基于生物信息学和网络药理学的TNBC-PTX耐药机制研究及活性药物预测分析

Mechanism of Paclitaxel Resistance and Prediction of Active Drugs in Triple Negative Breast Cancer Based on Bioinformatics and Network Pharmacology

目的通过生物信息学和网络药理学方法探讨三阴性乳腺癌紫杉醇(TNBC-PTX)耐药机制及其活性药物筛选。方法利用GEO2R在线分析工具对耐紫杉醇的三阴性乳腺癌相关数据集进行差异分析,获得差异表达基因。随后使用STRING数据库构建蛋白质-蛋白质相互作用(PPI)网络,在此基础上使用DAVID数据库分析其生物学过程。使用Cytoscape 3.9.1中的cytoHubba插件筛选枢纽基因,并借助Coremine Medical数据库预测枢纽基因关联中药。使用Autodock 4.6软件进行分子对接模拟,验证活性药物与枢纽基因的结合程度。最后采用PyMOL和ligPlus软件对结果行可视化处理。结果共获得122个差异表达基因,主要参与平滑肌细胞增殖、细胞间信号、促进NO合成、细胞增殖及IL-6反应等生物学过程,参与的信号通路包括癌症通路、磷脂酰肌醇3-蛋白激酶B信号通路、利什曼病和ErB信号通路等。PPI网络中的8个枢纽基因为TLR4、PTGS2、AREG、AR、MMP1、EDN1、EREG和TLR3,其中TLR4分值最高。茯苓的活性药物与TLR4关联性好,分子对接模拟验证去氢齿孔酸与TLR4结合牢固。结论TNBC-PTX耐药机制受多个基因共同调控,其中TLR4在其中起到关键作用,其表达上调与耐药性关系密切,茯苓中的去氢齿孔酸有望成为逆转TNBC-PTX耐药的活性药物,仍需进一步实验验证其干预效果。

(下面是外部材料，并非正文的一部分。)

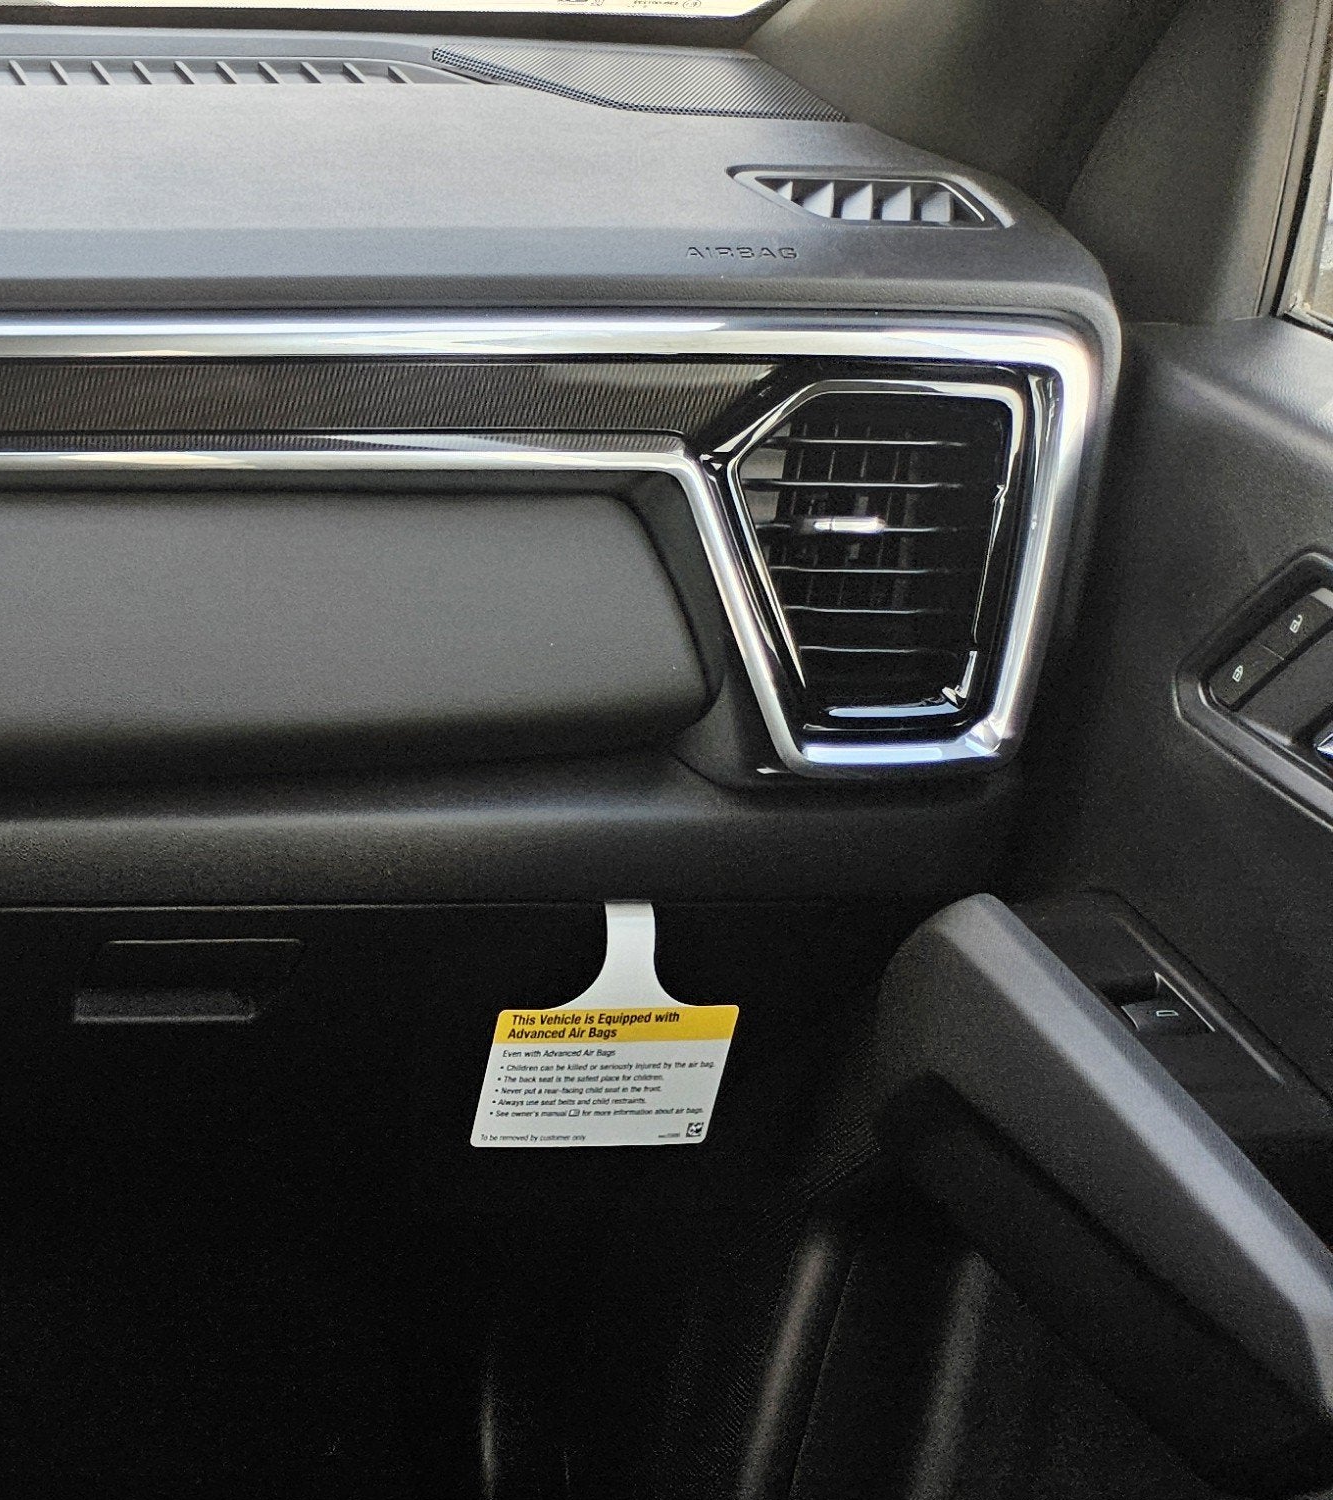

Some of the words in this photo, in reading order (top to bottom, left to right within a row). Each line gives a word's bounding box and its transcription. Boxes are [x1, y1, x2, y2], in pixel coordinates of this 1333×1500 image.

[685, 246, 800, 261] AIRBAG
[512, 1015, 535, 1026] This
[540, 1013, 581, 1025] Vehicle
[585, 1013, 594, 1024] is
[598, 1012, 651, 1026] Equipped
[655, 1011, 680, 1023] with
[508, 1027, 566, 1039] Advanced
[568, 1027, 584, 1038] Air
[588, 1027, 617, 1040] Bags
[502, 1050, 522, 1058] Even
[543, 1049, 582, 1057] Advanced
[583, 1049, 594, 1057] Air
[596, 1049, 616, 1058] Bags
[600, 1063, 632, 1071] seriously
[635, 1062, 661, 1070] injured
[498, 1099, 524, 1107] Always
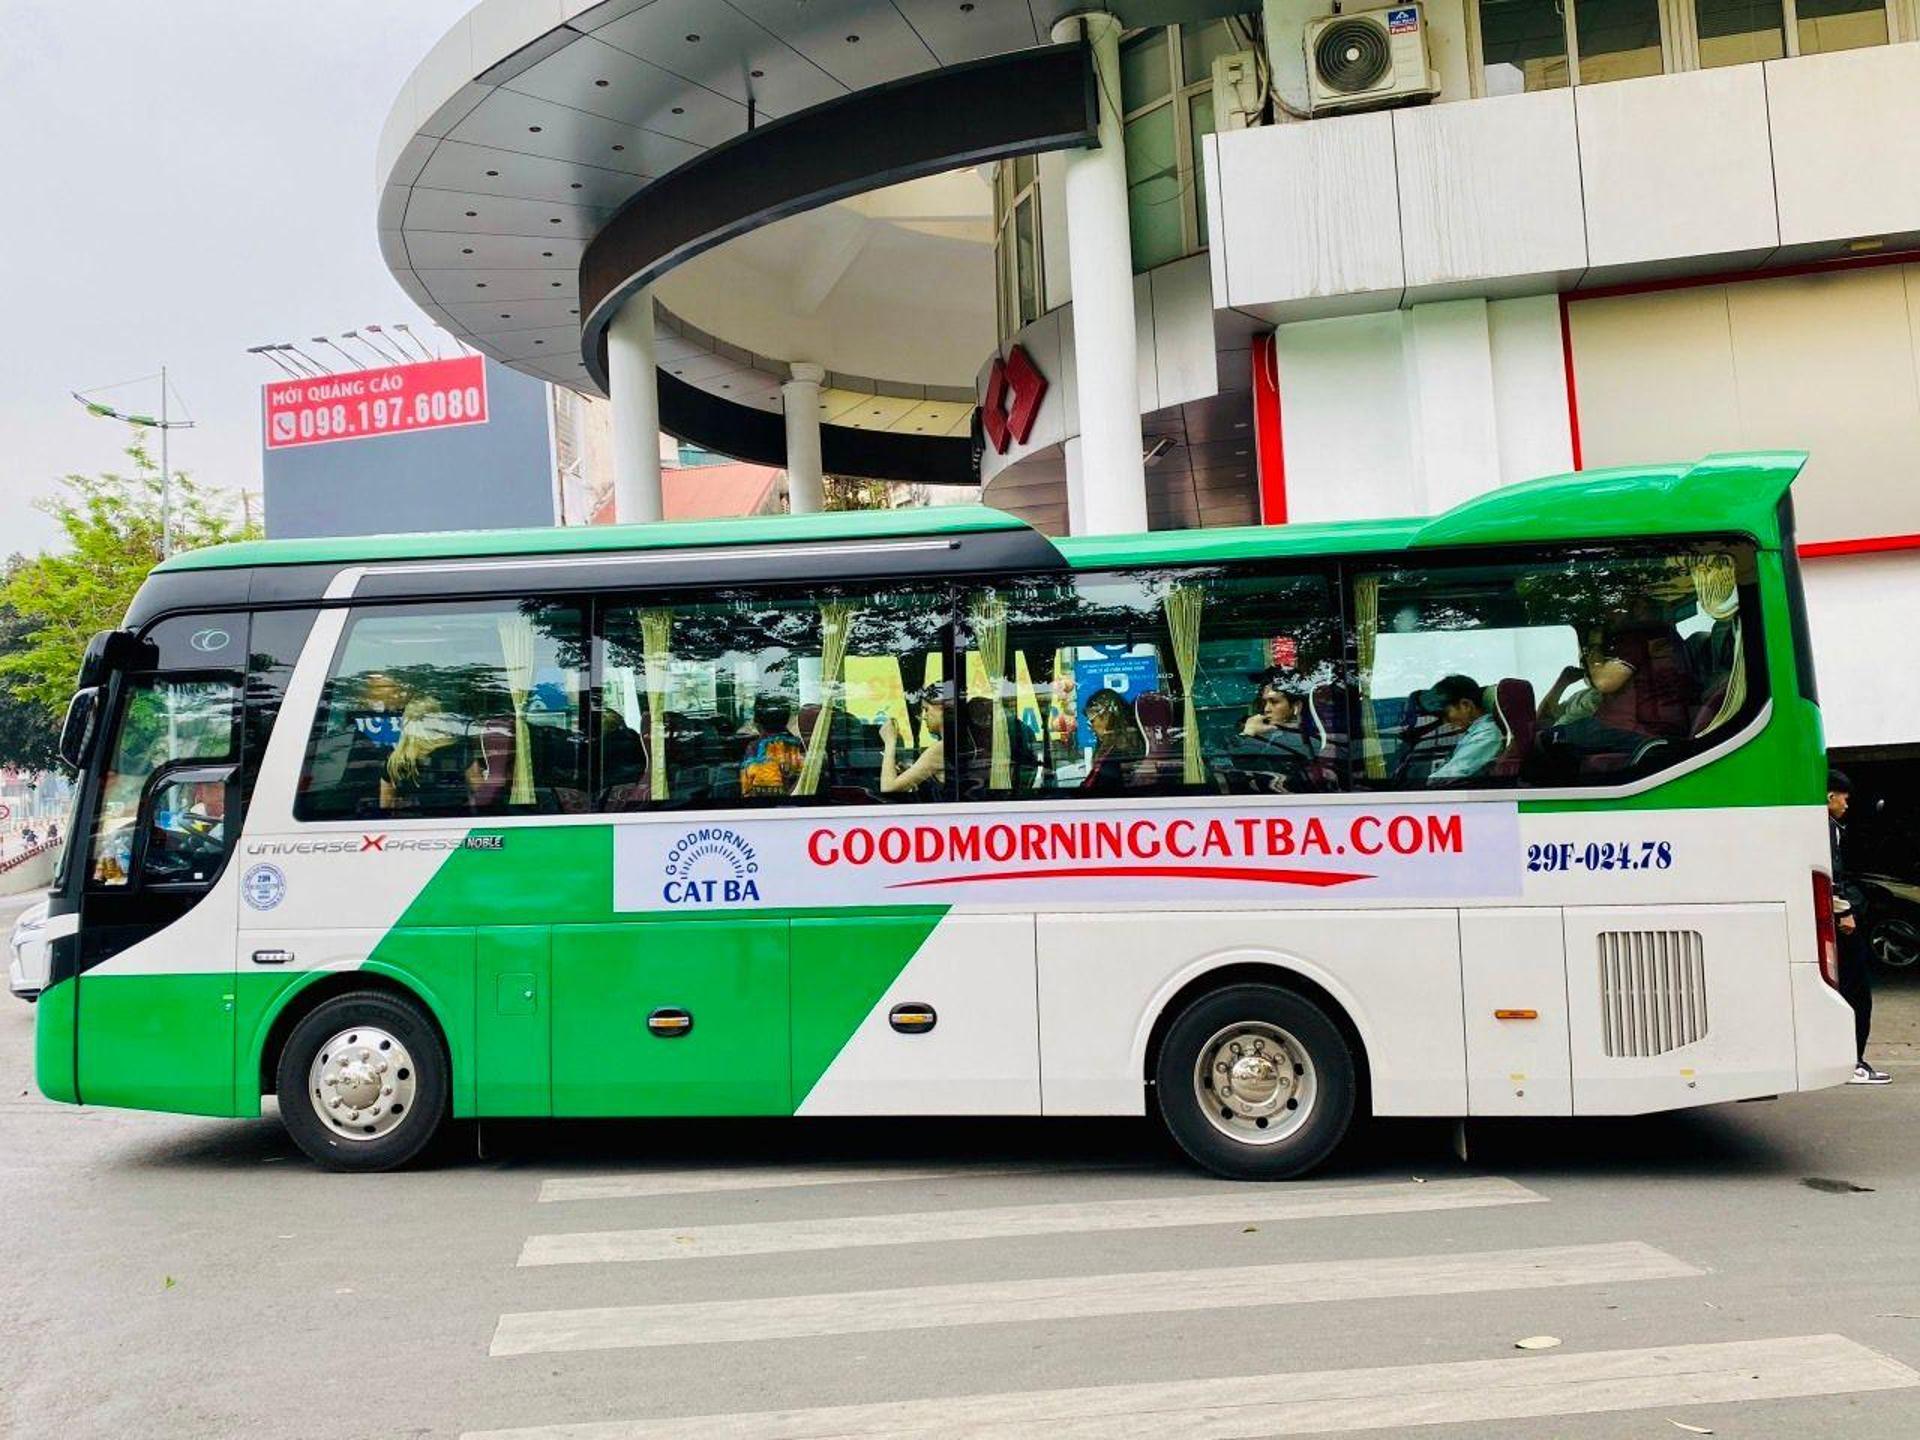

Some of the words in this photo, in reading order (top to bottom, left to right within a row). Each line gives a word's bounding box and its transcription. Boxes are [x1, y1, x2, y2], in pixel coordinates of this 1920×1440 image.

Objective To explore the resistance mechanism of triple negative breast cancer(TNBC)to Paclitaxel(PTX)and screen its active drugs via bioinformatics and network pharmacology.Methods The GEO2R online analysis tool was used to conduct differential analysis of the dataset related to PTX-resistant TNBC.A protein-protein interaction(PPI)network was constructed by using the STRING database,on the basis of which the biological processes were analyzed by using the DAVID database.Hub genes were screened using the cytoHubba plugin in Cytoscape 3.9.1 while hub gene-associated TCMs were predicted with the help of the Coremine Medical database.Molecular docking simulations were performed by using Autodock 4.6 software to verify the extent of binding of active drugs to the hub gene.Finally,PyMOL and ligPlus software was used to visualize the results.Results A total of 122 DEGs were obtained,which were mostly involved in such biological processes as smooth muscle cell proliferation,intercellular signaling,promotion of NO synthesis,cell proliferation,and the IL-6 response.The involved signaling pathways included the cancer pathway,PI3K-Akt,leishmaniasis,and ErB signaling pathways.The eight hub genes in the PPI network were TLR4,PTGS2,AREG,AR,MMP1,EDN1,EREG and TLR3,among which TLR4 had the highest score.The active drugs of Poriacocos had a good association with TLR4.Molecular docking simulation confirmed that dehydrotrametenolic acid had a strong binding with TLR4.Conclusion The drug resistance mechanism of TNBC-PTX is regulated by multiple genes,among which TLR4 plays a key role,and its up-regulation is closely related to drug resistance.Dehydrotrametenolic acid from Poriacocos is expected to be an active drug to reverse the drug resistance of TNBC-PTX,but more experiments are needed to verify the intervention effect.